Though she survived Ewing sarcoma, it left its mark. Because the cancer grew in her hip, her joint had to be cut out and her femur was fused to what was left of the capsule of the joint.
She cannot ride a bike or tie her right shoe without taking it off. When she needs to use the stairs, she has to consciously think about how to make it up. As a child and teenager, she could not participate in sports, though as she grew up she learned to push her limits and started running.
She also thought she was infertile due to treatment, so when baby Cleo came into the picture, cancer lost again. However, doctors had some health concerns along the way.
During pregnancy, Tania needed a high risk OB doctor and a maternal fetal medicine doctor because of lung and heart complications due to radiation. Her hip was a concern for a natural delivery, but her brother-in-law, a physical therapist, measured her range of motion and was given the go ahead.

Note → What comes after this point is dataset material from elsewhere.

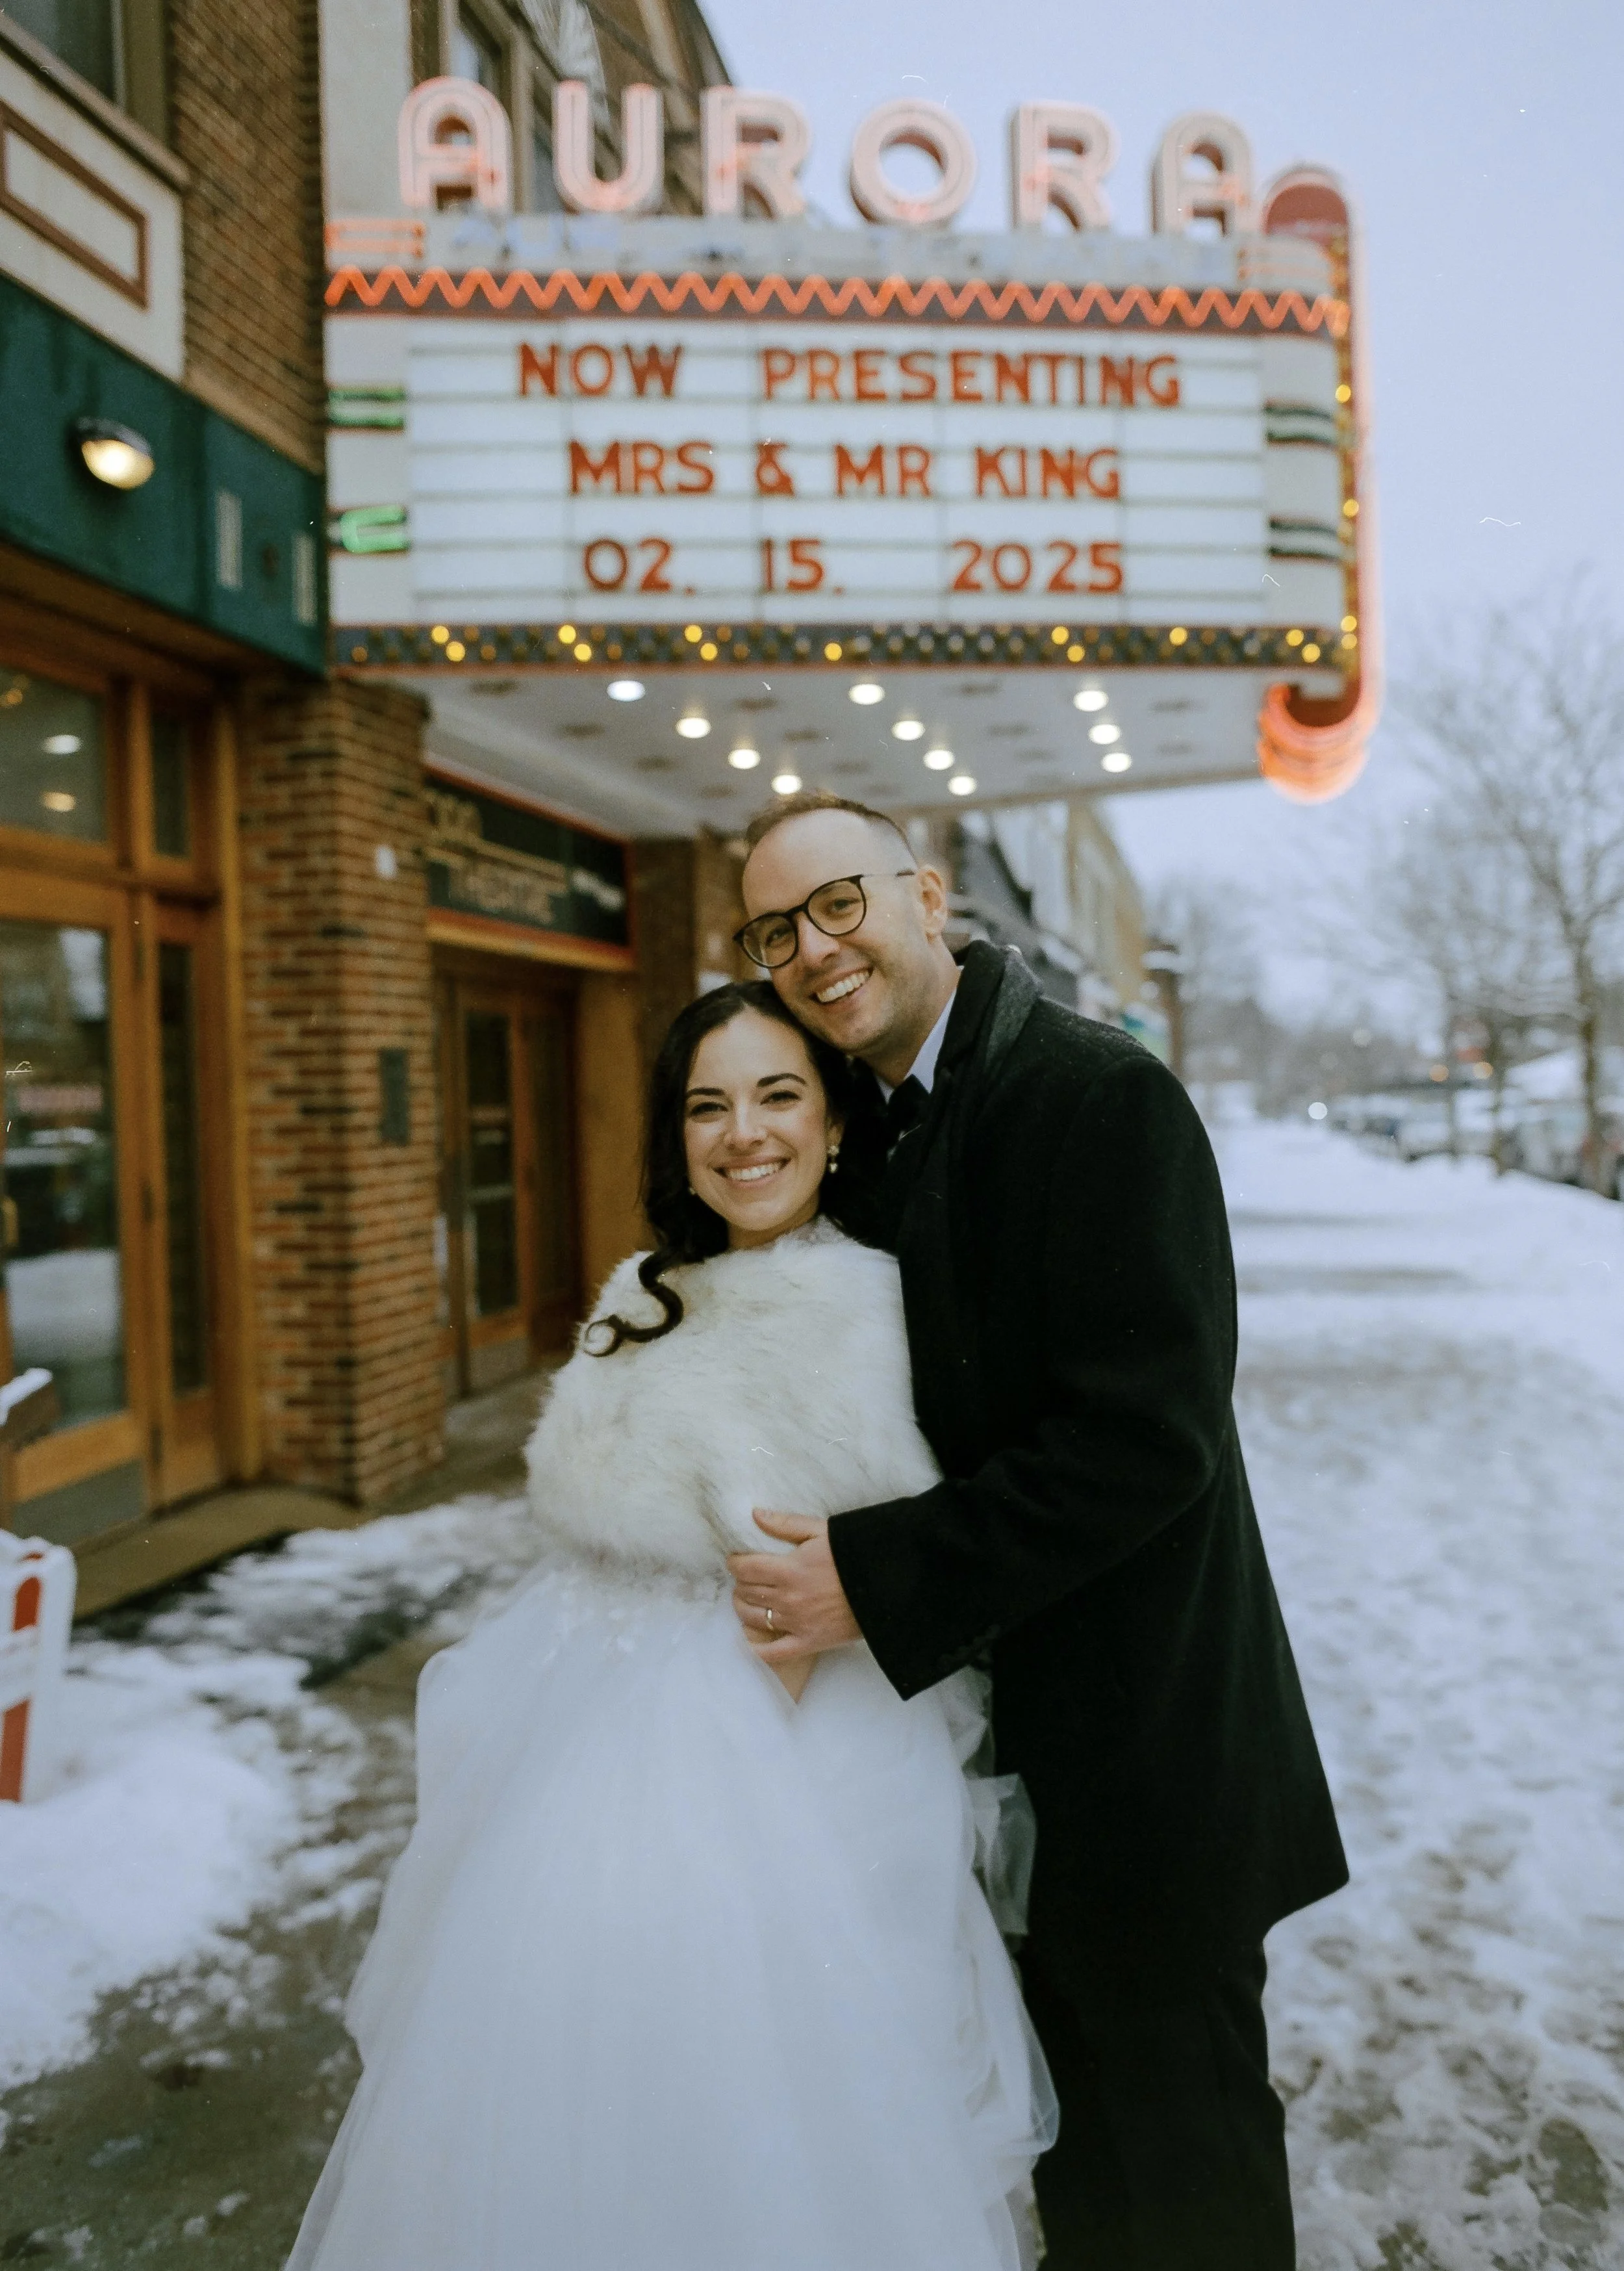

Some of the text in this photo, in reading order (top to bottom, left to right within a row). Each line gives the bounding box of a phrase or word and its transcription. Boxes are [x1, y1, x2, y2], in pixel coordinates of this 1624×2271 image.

Because of concerns associated in part with her cancer history, Tania’s doctors wanted to induce her early, between 35-37 weeks. But Cleo had other ideas and decided to come on her own a bit early, at exactly 37 weeks.
During labor, Tania had medication to speed the process and doctors recommended that she receive an epidural to keep her heart rate down. They were concerned that a number of factors, including her previous radiation treatment, could have put her at a higher risk for complications. “We had a cardiac care unit room on standby, but the labor went so smooth we didn't need it!” she said.
Her sister was "on guard" during the delivery process to make sure her hip was not moved further than it needed to be.
For children facing childhood cancer in the future, Tania hopes things are easier. “I want to see treatments become tremendously better so cancer won’t be such a scary thing,” she said.
She also wants to use her skills and unique perspective in the medical world. A second-year medical student, she’s interested in pediatric medicine, and so far, she really loves oncology.
In summer 2019, she went back to the University of Minnesota Masonic Children’s Hospital, but this time for an internship to help her prepare for a career as a doctor. During her internship, she helped interview patients and also participated in morning rounds (though not by herself, yet). She will be starting rotations there this summer.
“Having been on the other side of things, it makes me more empathetic,” she said. “It’s okay to be confused, mad, sad...Life isn’t fair and it’s okay to feel that. Feelings toward cancer change, it isn’t linear. I hope to project an empathy toward patients that only someone who has faced chronic illness can.”
Tania said she has definitely thought about survivor’s guilt .
“There is really no way around the unsettling feeling. It’s another "why me?" for cancer survivors, but this time in a different light,” she said. “I have struggled at times with how to deal with it, but what it has come down to for me is realizing how lucky I am and how thankful I should be despite any side effects.” She said grappling with those feelings has also inspired her to work harder and more passionately toward her goal of helping patients and families forced into the world of medicine.
Tania thinks childhood cancer forced her to be her best self. “Cancer isn’t a good thing,” she said, “but cancer can have good outcomes.”
Today, Tania plans to finish up medical school with Cleo by her side.